_TASK DETAILS_
Once the pictures are set aside, reproduce the remaining data exactly.

_Referring expression grounding data_
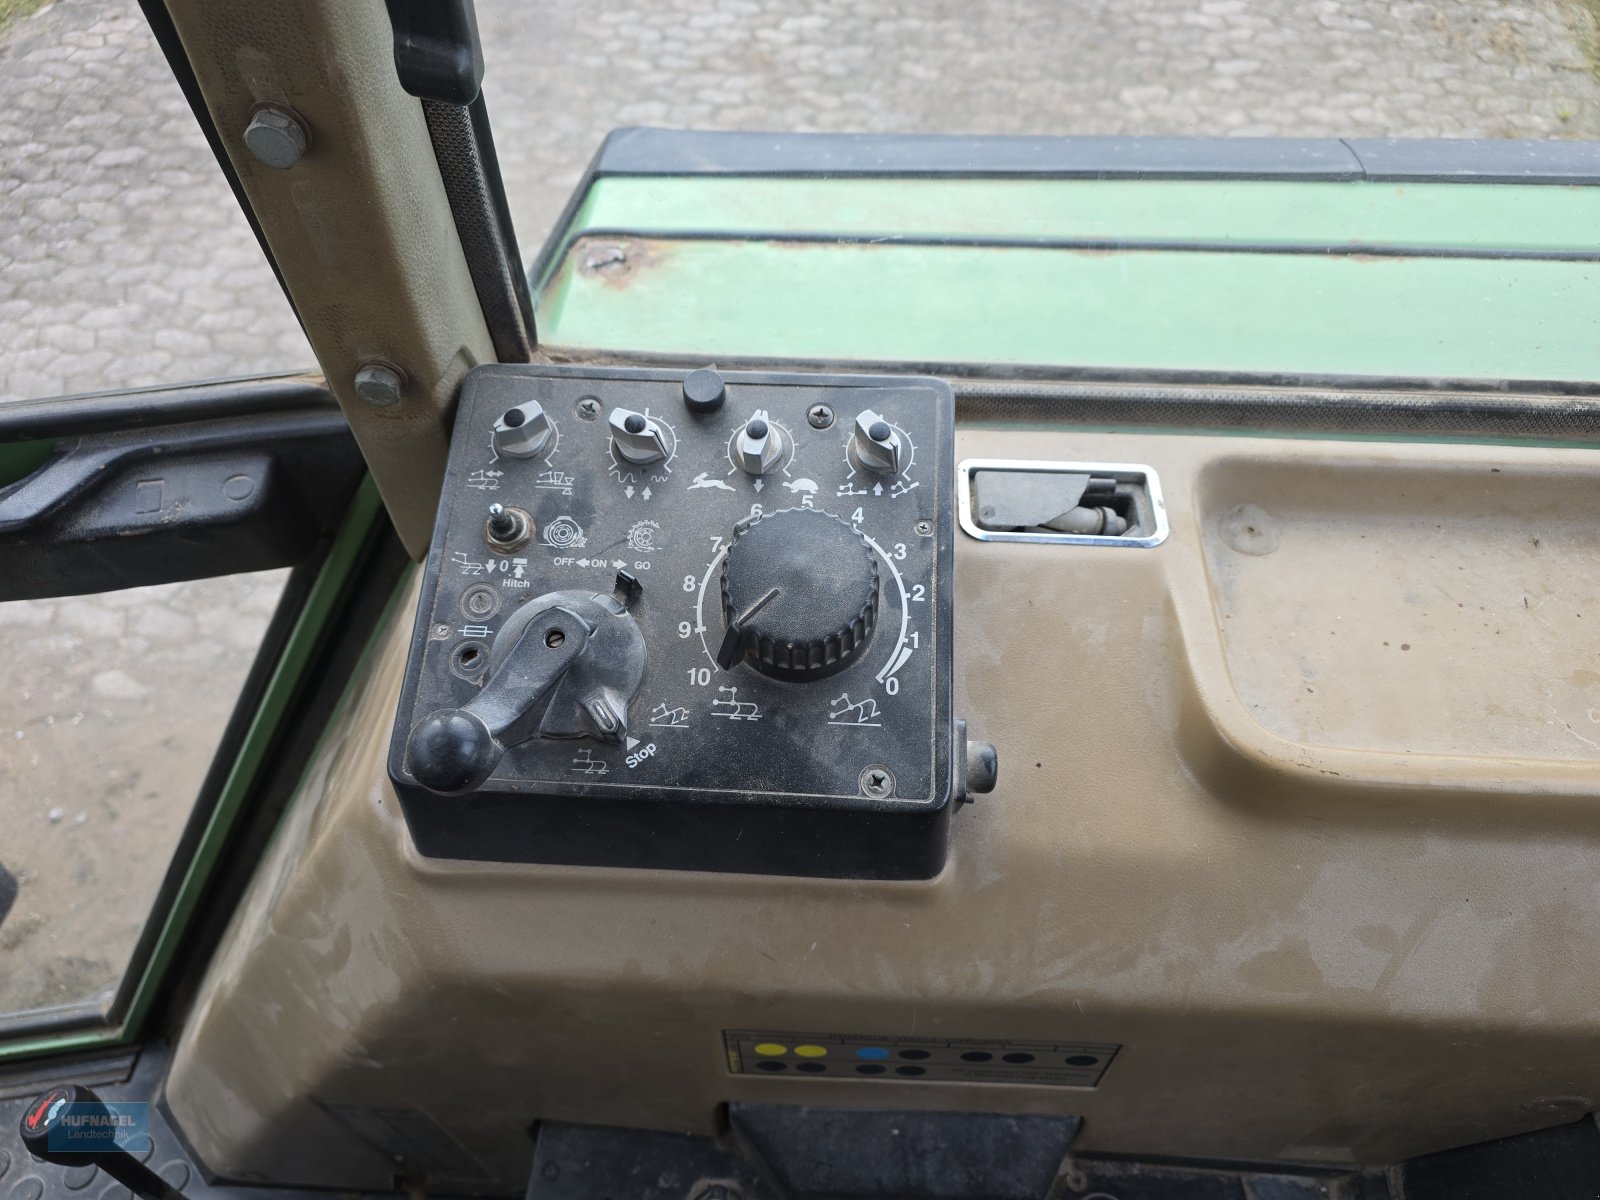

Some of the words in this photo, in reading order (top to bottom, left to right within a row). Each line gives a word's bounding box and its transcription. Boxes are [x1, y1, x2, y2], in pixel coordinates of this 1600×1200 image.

[801, 494, 814, 509] 5
[750, 503, 764, 518] 6
[852, 507, 865, 524] 4
[709, 536, 723, 553] 7
[894, 543, 907, 560] 3
[499, 560, 508, 572] 0
[554, 556, 575, 567] OFF
[591, 559, 608, 569] ON
[634, 561, 651, 570] GO
[502, 578, 531, 588] Hitch
[682, 574, 696, 592] 8
[912, 584, 926, 602] 2
[678, 621, 692, 639] 9
[910, 631, 920, 649] 1
[687, 667, 711, 687] 10
[885, 676, 899, 696] 0
[625, 743, 657, 769] Stop

_THE ANSWER_
Some of the words in this photo, in reading order (top to bottom, left to right within a row). Each line gives a word's bounding box and its transcription. Boxes are [x1, y1, x2, y2], in pixel coordinates of this 1600×1200 image.

[801, 494, 814, 509] 5
[750, 503, 764, 518] 6
[852, 507, 865, 524] 4
[709, 536, 723, 553] 7
[894, 543, 907, 560] 3
[499, 560, 508, 572] 0
[554, 556, 575, 567] OFF
[591, 559, 608, 569] ON
[634, 561, 651, 570] GO
[502, 578, 531, 588] Hitch
[682, 574, 696, 592] 8
[912, 584, 926, 602] 2
[678, 621, 692, 639] 9
[910, 631, 920, 649] 1
[687, 667, 711, 687] 10
[885, 676, 899, 696] 0
[625, 743, 657, 769] Stop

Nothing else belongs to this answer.